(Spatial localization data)
════
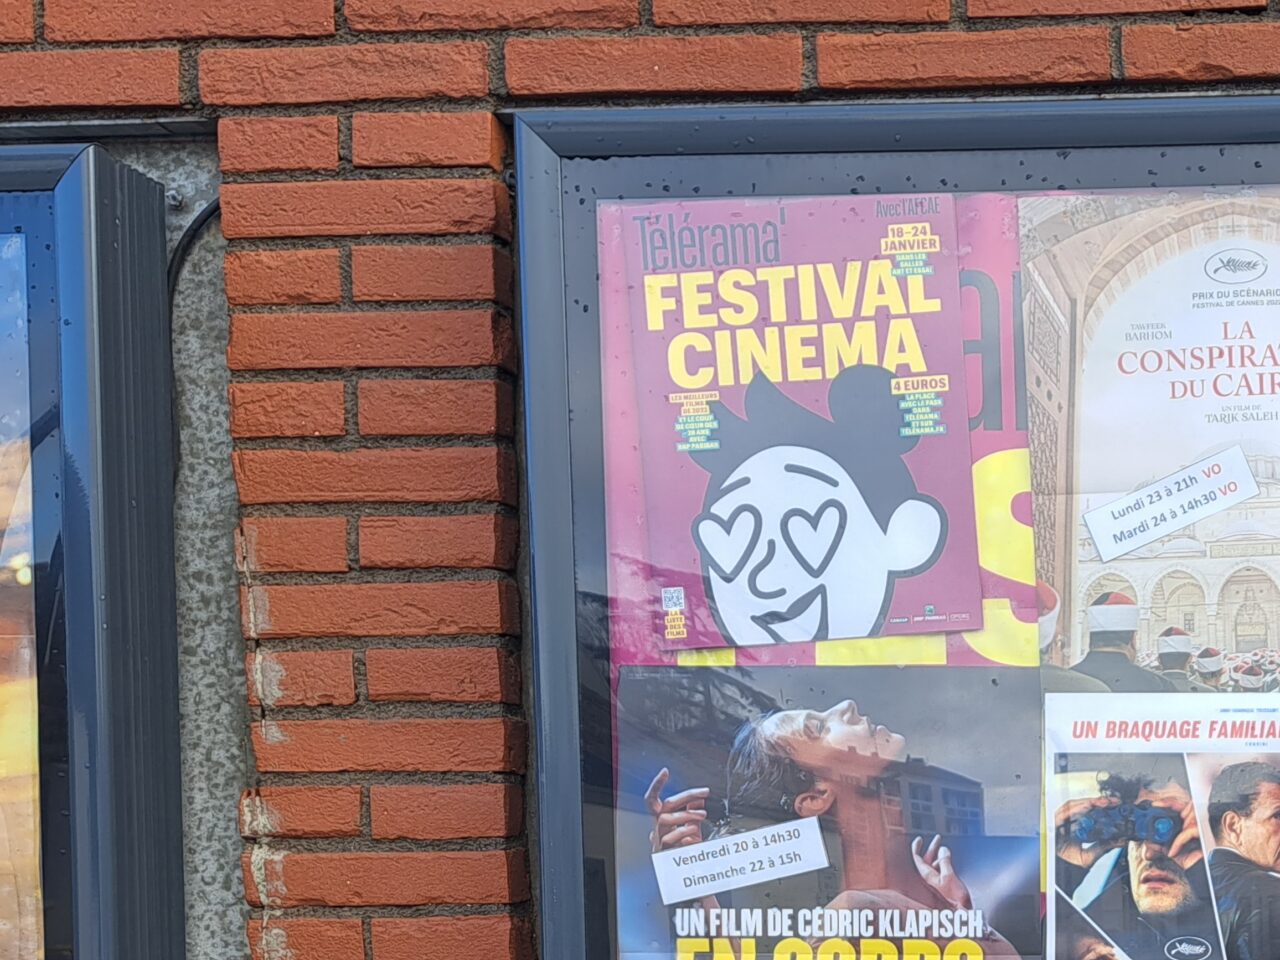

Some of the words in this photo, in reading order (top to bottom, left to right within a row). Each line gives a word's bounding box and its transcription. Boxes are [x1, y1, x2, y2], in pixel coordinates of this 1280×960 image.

[884, 239, 937, 252] JANVIER
[643, 259, 941, 331] FESTIVAL
[1192, 291, 1214, 300] PRIX
[1217, 290, 1230, 299] DU
[1222, 320, 1256, 340] LA
[667, 318, 928, 389] CINEMA
[893, 381, 901, 392] 4
[904, 378, 947, 391] EUROS
[1170, 379, 1206, 399] DU
[1204, 412, 1238, 425] TARIK
[1241, 411, 1278, 422] SALEH
[1110, 498, 1145, 520] Lundi
[1146, 490, 1162, 505] 23
[1164, 486, 1173, 497] à
[1174, 475, 1198, 492] 21h
[1201, 463, 1222, 478] VO
[1112, 519, 1150, 544] Mardi
[1151, 513, 1167, 528] 24
[1170, 508, 1178, 519] à
[1179, 490, 1217, 514] 14h30
[1218, 481, 1238, 496] VO
[1072, 720, 1098, 739] UN
[1105, 720, 1201, 740] BRAQUAGE
[673, 846, 731, 867] Vendredi
[734, 840, 749, 853] 20
[752, 838, 760, 848] à
[762, 828, 800, 847] 14h30
[683, 865, 746, 888] Dimanche
[750, 860, 765, 872] 22
[768, 857, 775, 868] à
[779, 852, 802, 866] 15h
[675, 908, 704, 937] UN
[710, 908, 763, 937] FILM
[767, 908, 794, 937] DE
[798, 905, 874, 937] CÉDRIC
[878, 909, 983, 937] KLAPISCH
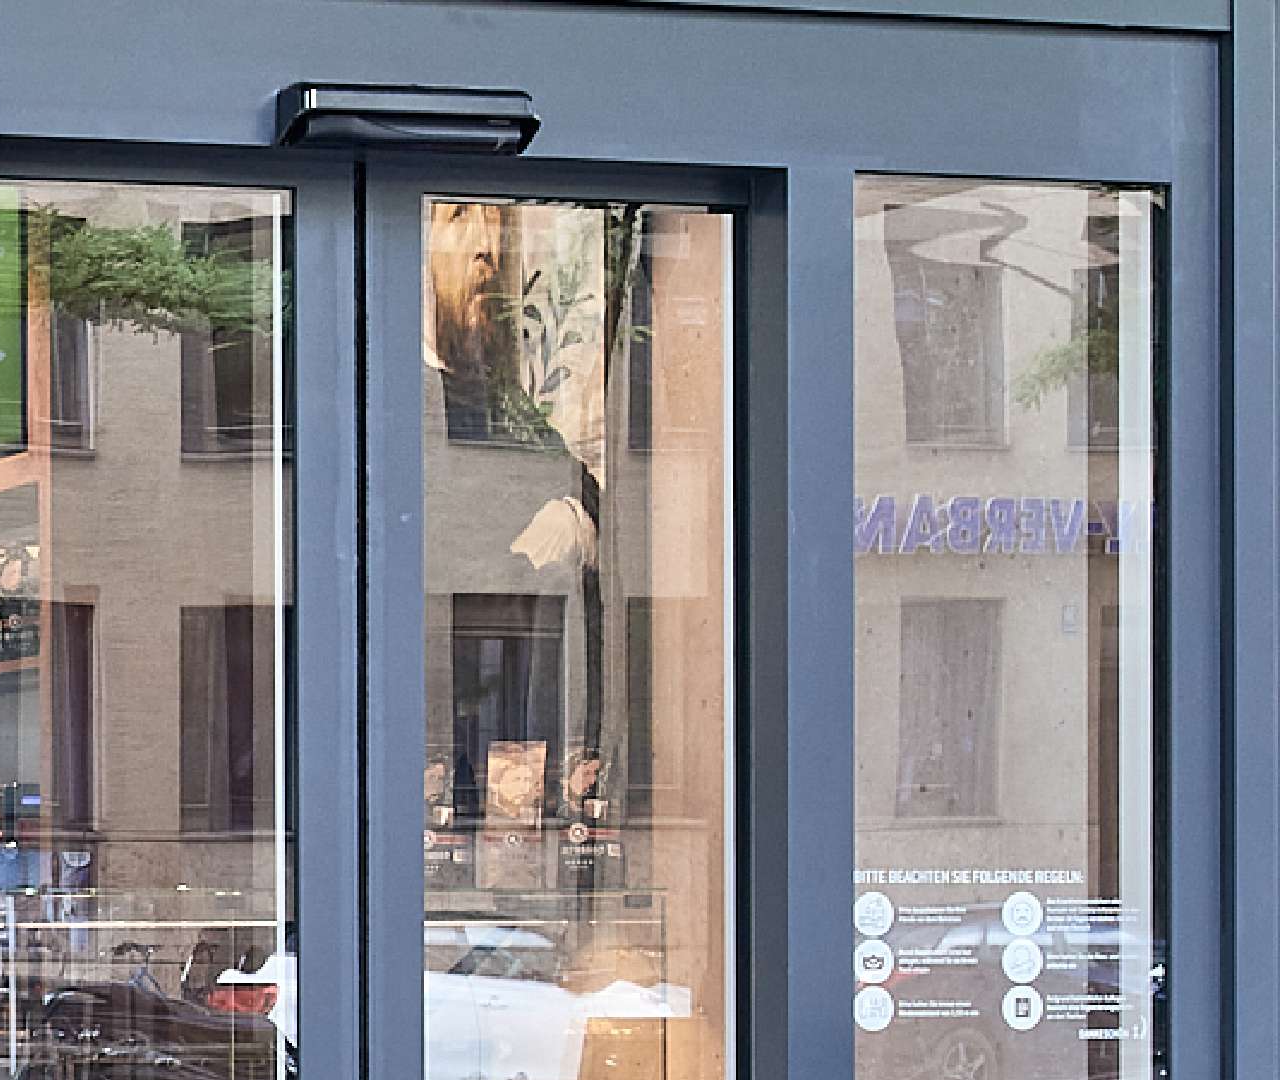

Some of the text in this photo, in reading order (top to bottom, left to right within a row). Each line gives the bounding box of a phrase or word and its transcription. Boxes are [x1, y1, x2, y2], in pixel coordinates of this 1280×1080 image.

[853, 869, 886, 884] BITTE
[888, 869, 950, 884] BEACHTEN
[951, 869, 972, 884] SIE
[972, 869, 1034, 884] FOLGENDE
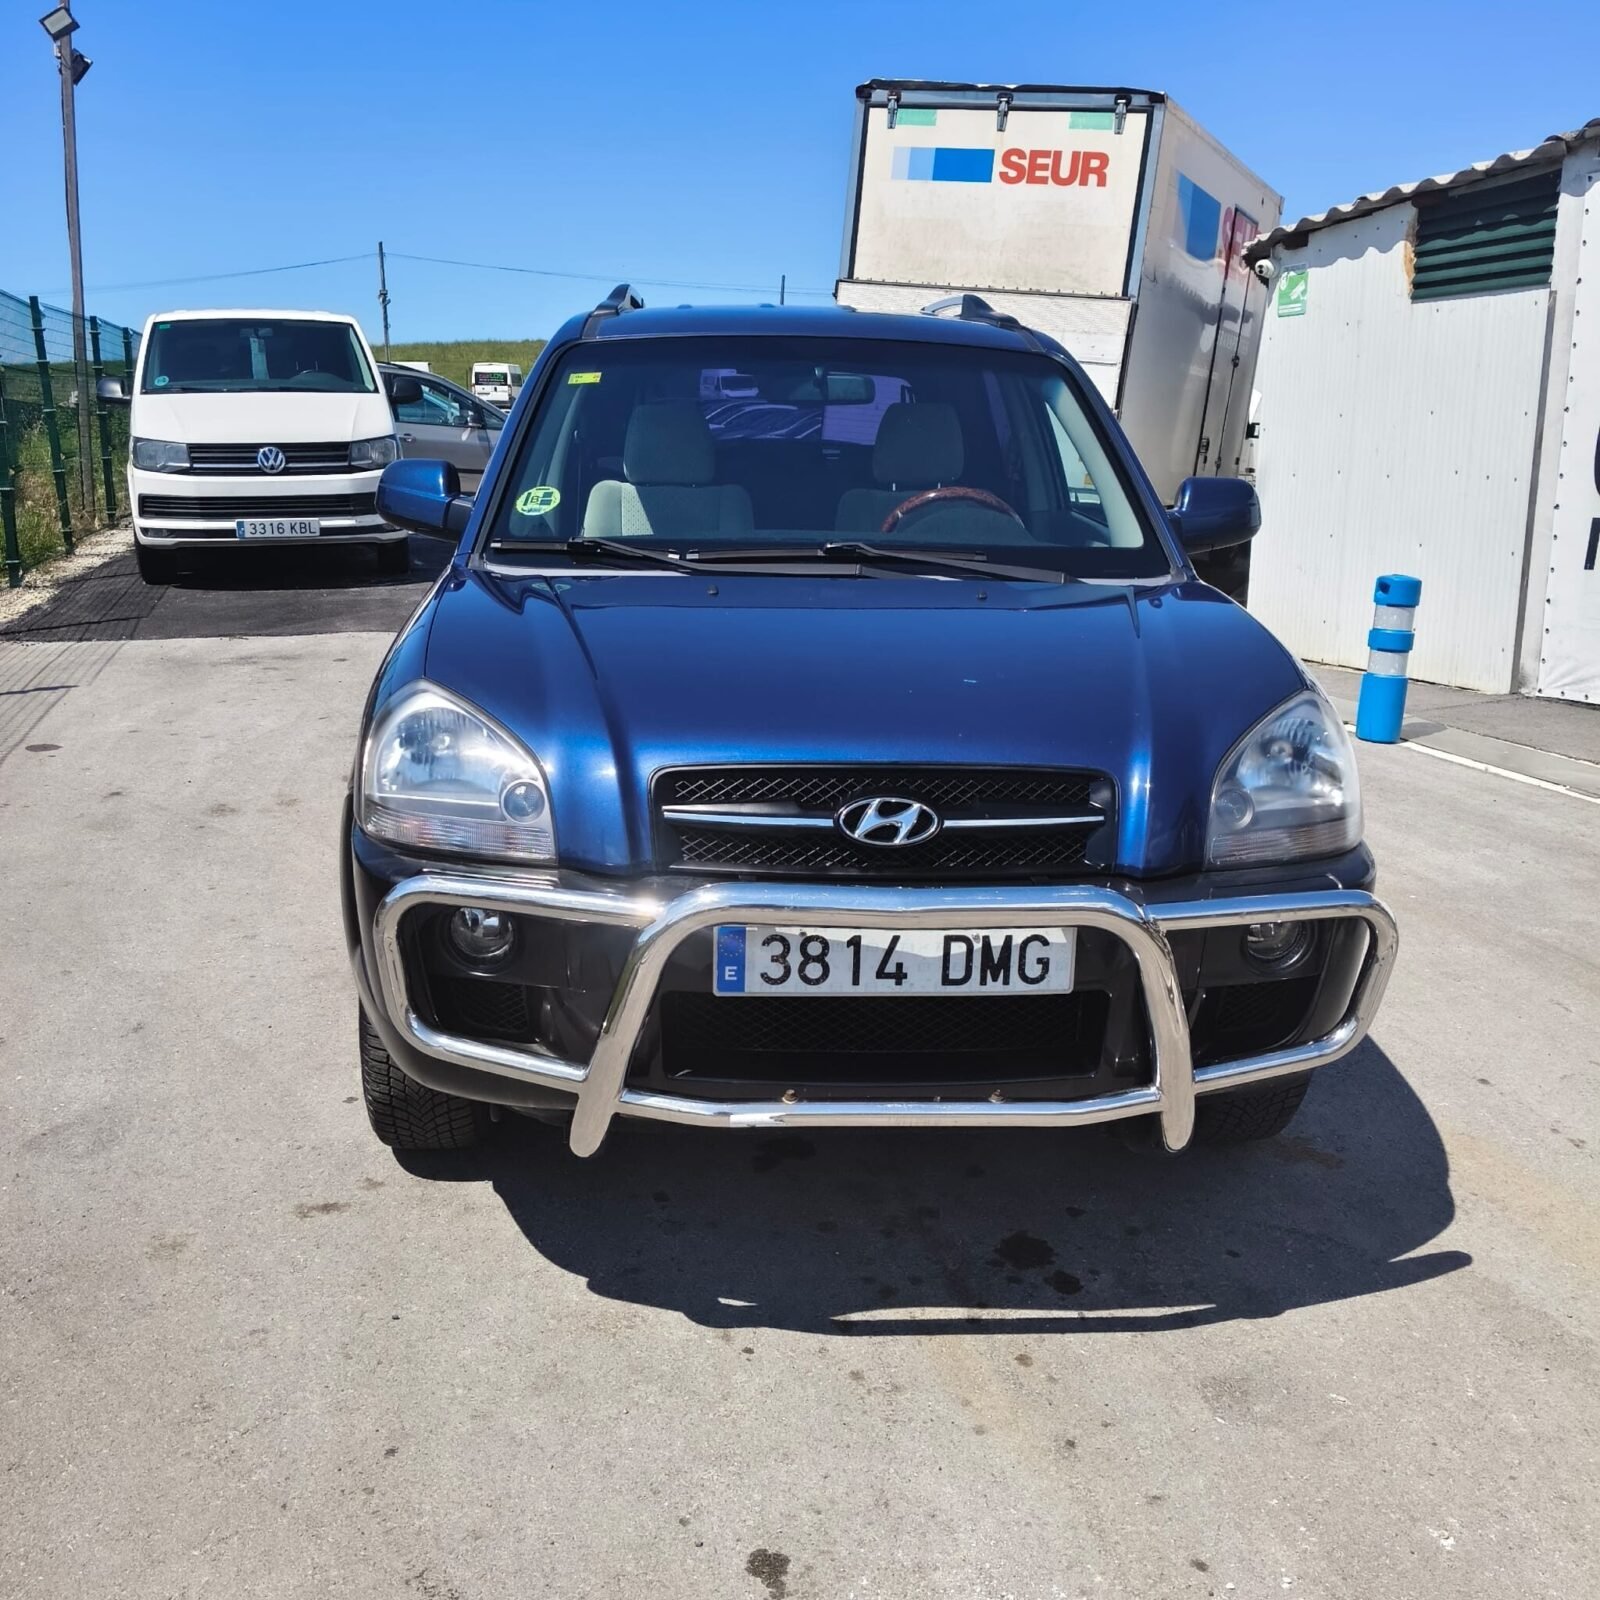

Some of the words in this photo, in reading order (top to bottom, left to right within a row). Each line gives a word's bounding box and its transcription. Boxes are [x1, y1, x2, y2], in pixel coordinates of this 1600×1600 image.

[999, 147, 1110, 188] SEUR
[249, 522, 285, 535] 3316
[290, 521, 317, 535] KBL
[724, 965, 738, 981] E
[759, 933, 908, 987] 3814
[940, 933, 1051, 987] DMG
════
_Exercise objective:_ Please retype the data exactly. The pictures do not go in.

_Exercise response:_
Some of the words in this photo, in reading order (top to bottom, left to right within a row). Each line gives a word's bounding box and its transcription. Boxes are [x1, y1, x2, y2], in pixel coordinates of this 1280×960 image.

[884, 239, 937, 252] JANVIER
[643, 259, 941, 331] FESTIVAL
[1192, 291, 1214, 300] PRIX
[1217, 290, 1230, 299] DU
[1222, 320, 1256, 340] LA
[667, 318, 928, 389] CINEMA
[893, 381, 901, 392] 4
[904, 378, 947, 391] EUROS
[1170, 379, 1206, 399] DU
[1204, 412, 1238, 425] TARIK
[1241, 411, 1278, 422] SALEH
[1110, 498, 1145, 520] Lundi
[1146, 490, 1162, 505] 23
[1164, 486, 1173, 497] à
[1174, 475, 1198, 492] 21h
[1201, 463, 1222, 478] VO
[1112, 519, 1150, 544] Mardi
[1151, 513, 1167, 528] 24
[1170, 508, 1178, 519] à
[1179, 490, 1217, 514] 14h30
[1218, 481, 1238, 496] VO
[1072, 720, 1098, 739] UN
[1105, 720, 1201, 740] BRAQUAGE
[673, 846, 731, 867] Vendredi
[734, 840, 749, 853] 20
[752, 838, 760, 848] à
[762, 828, 800, 847] 14h30
[683, 865, 746, 888] Dimanche
[750, 860, 765, 872] 22
[768, 857, 775, 868] à
[779, 852, 802, 866] 15h
[675, 908, 704, 937] UN
[710, 908, 763, 937] FILM
[767, 908, 794, 937] DE
[798, 905, 874, 937] CÉDRIC
[878, 909, 983, 937] KLAPISCH

Some of the text in this photo, in reading order (top to bottom, left to right within a row). Each line gives the bounding box of a phrase or word and its transcription. Boxes are [x1, y1, x2, y2], in pixel coordinates of this 1280×1080 image.

[853, 869, 886, 884] BITTE
[888, 869, 950, 884] BEACHTEN
[951, 869, 972, 884] SIE
[972, 869, 1034, 884] FOLGENDE

Some of the words in this photo, in reading order (top to bottom, left to right within a row). Each line gives a word's bounding box and its transcription. Boxes are [x1, y1, x2, y2], in pixel coordinates of this 1600×1600 image.

[999, 147, 1110, 188] SEUR
[249, 522, 285, 535] 3316
[290, 521, 317, 535] KBL
[724, 965, 738, 981] E
[759, 933, 908, 987] 3814
[940, 933, 1051, 987] DMG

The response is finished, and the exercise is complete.